SWAGGER-WALK

Nonverbal Cues



I don't mean military courage, or civil courage, or any special kind of courage. I mean just that inborn ability to look temptations straight in the face--a readiness unintellectual enough, goodness knows, but without pose--a power of resistance, don't you see, ungracious if you like, but priceless--an unthinking and blessed stiffness before the outward and inward terrors, before the might of nature, and the seductive corruption of men--backed by a faith invulnerable to the strength of facts, to the contagion of example, to the solicitation of ideas. Hang ideas! --Joseph Conrad (Lord Jim, 1899)

Broadside display. 1. A slight or moderate exaggeration in the side-to-side movements of walking. 2. A usually masculine style of upper-body strutting. 3. A visual means of filling-up space or occupying a greater expanse of personal territory.

Usage: In greetings, a man may use the swagger-walk while approaching another man to demonstrate power, strength, and dominance. (N.B.: The swagger-walk is not generally used to greet a woman.) In a culturally elaborated version, African-American men may drag one foot and limp from side-to-side in a pimp strut. The swagger-walk may be seen as men enter taverns or bars, to show "attitude" before engaging in rituals of courtship.
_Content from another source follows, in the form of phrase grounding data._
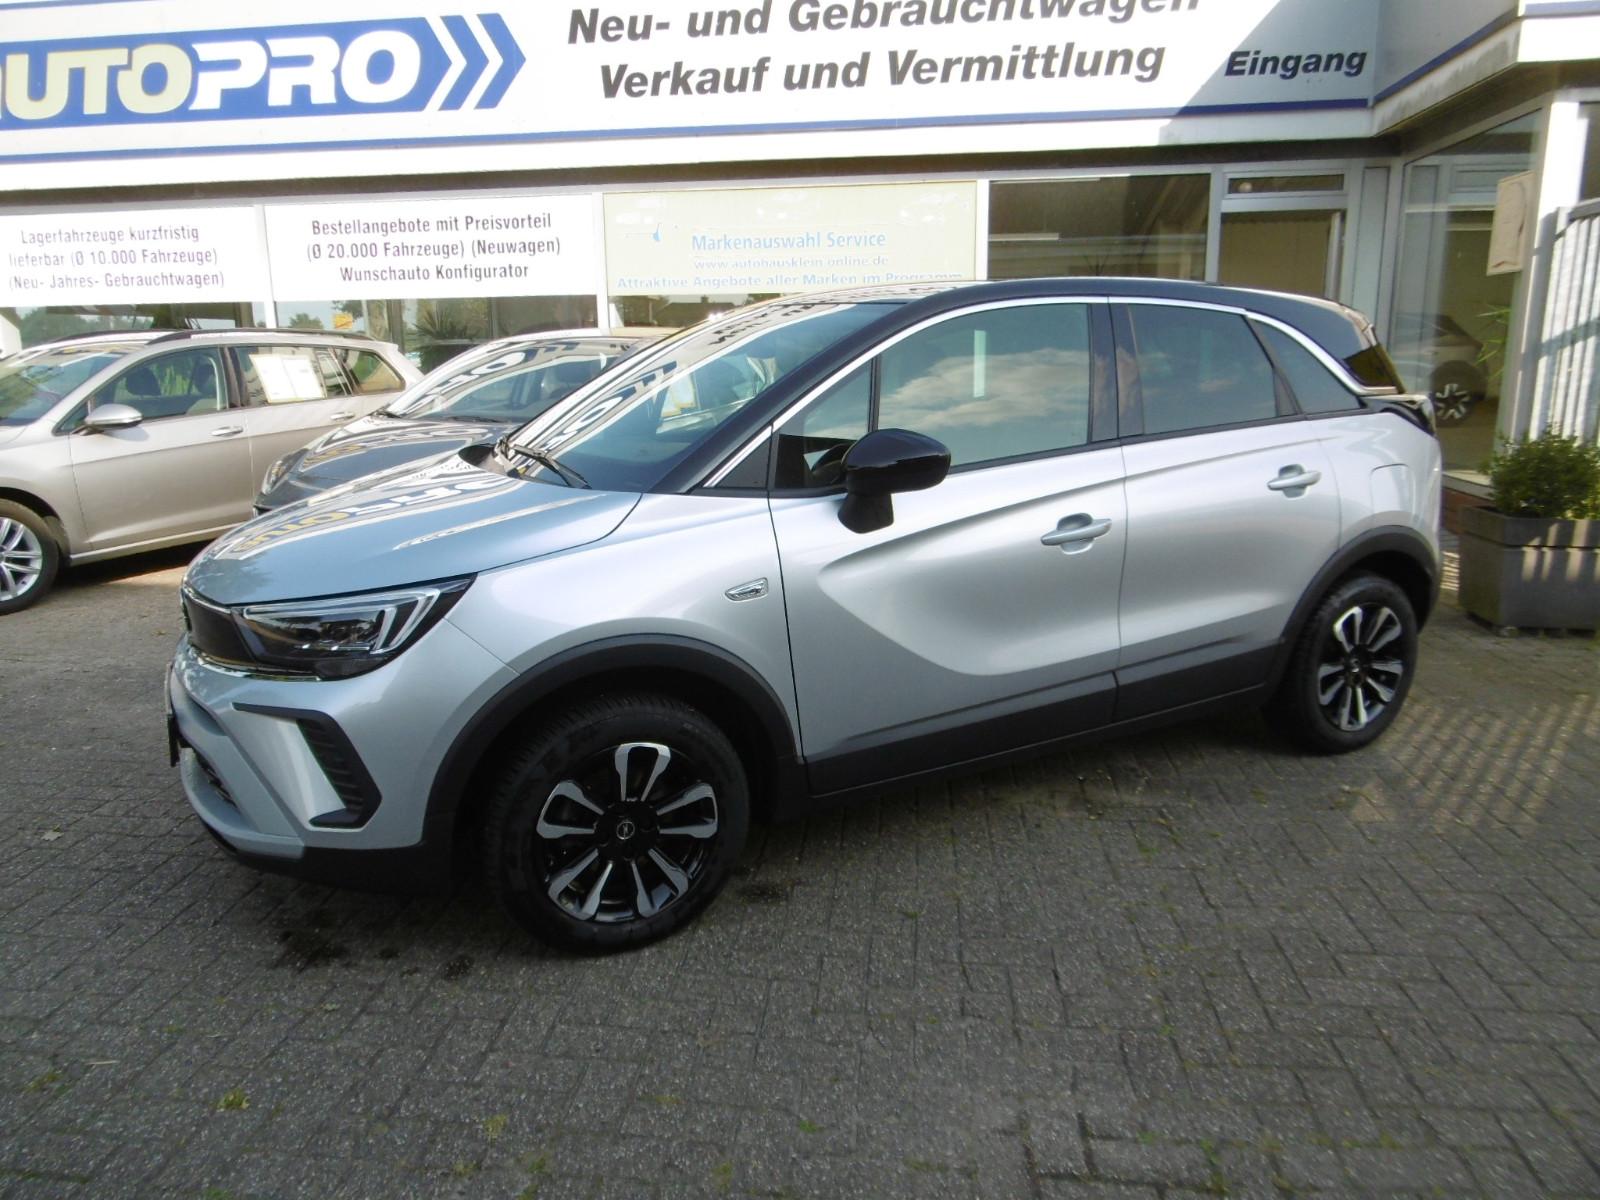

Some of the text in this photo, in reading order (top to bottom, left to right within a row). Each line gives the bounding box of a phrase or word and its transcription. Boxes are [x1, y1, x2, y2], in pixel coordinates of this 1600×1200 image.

[568, 8, 670, 44] Neu-
[687, 0, 772, 36] und
[601, 42, 1166, 99] Verkauf und Vermittlung
[1224, 48, 1367, 78] Eingang
[0, 30, 421, 121] UTOPRO
[20, 224, 200, 246] Lagerfahrzeuge kurzfristig
[311, 212, 553, 237] Bestellangebote mit Preisvorteil
[327, 242, 379, 260] 20.000
[383, 239, 466, 259] Fahrzeuge)
[471, 236, 562, 259] (Neuwagen)
[691, 231, 887, 251] Markenauswahl Service
[9, 252, 65, 268] lieferbar
[91, 249, 137, 266] 10.000
[142, 247, 218, 266] Fahrzeuge)
[9, 271, 225, 291] (Neu- Jahres- Gebrauchtwagen)
[339, 263, 529, 283] Wunschauto Konfigurator
[617, 278, 688, 289] Attraktive
[693, 274, 761, 290] Angebote
[765, 275, 797, 286] aller
[802, 273, 858, 286] Marken
[863, 274, 881, 285] im
Primatology. Our closest relatives, the great apes, show dominance by straightening and holding their arms away from the body as they swagger-walk from side to side.

Transexuality. "I never mind the swagger of young men. It is their right to swank, and I know the sensation!" (Morris 1974:83).

Media. The best-known human swagger-walker was John Wayne, in such movie classics as Rio Bravo (1959), The Alamo (1960), and The Green Berets (1968).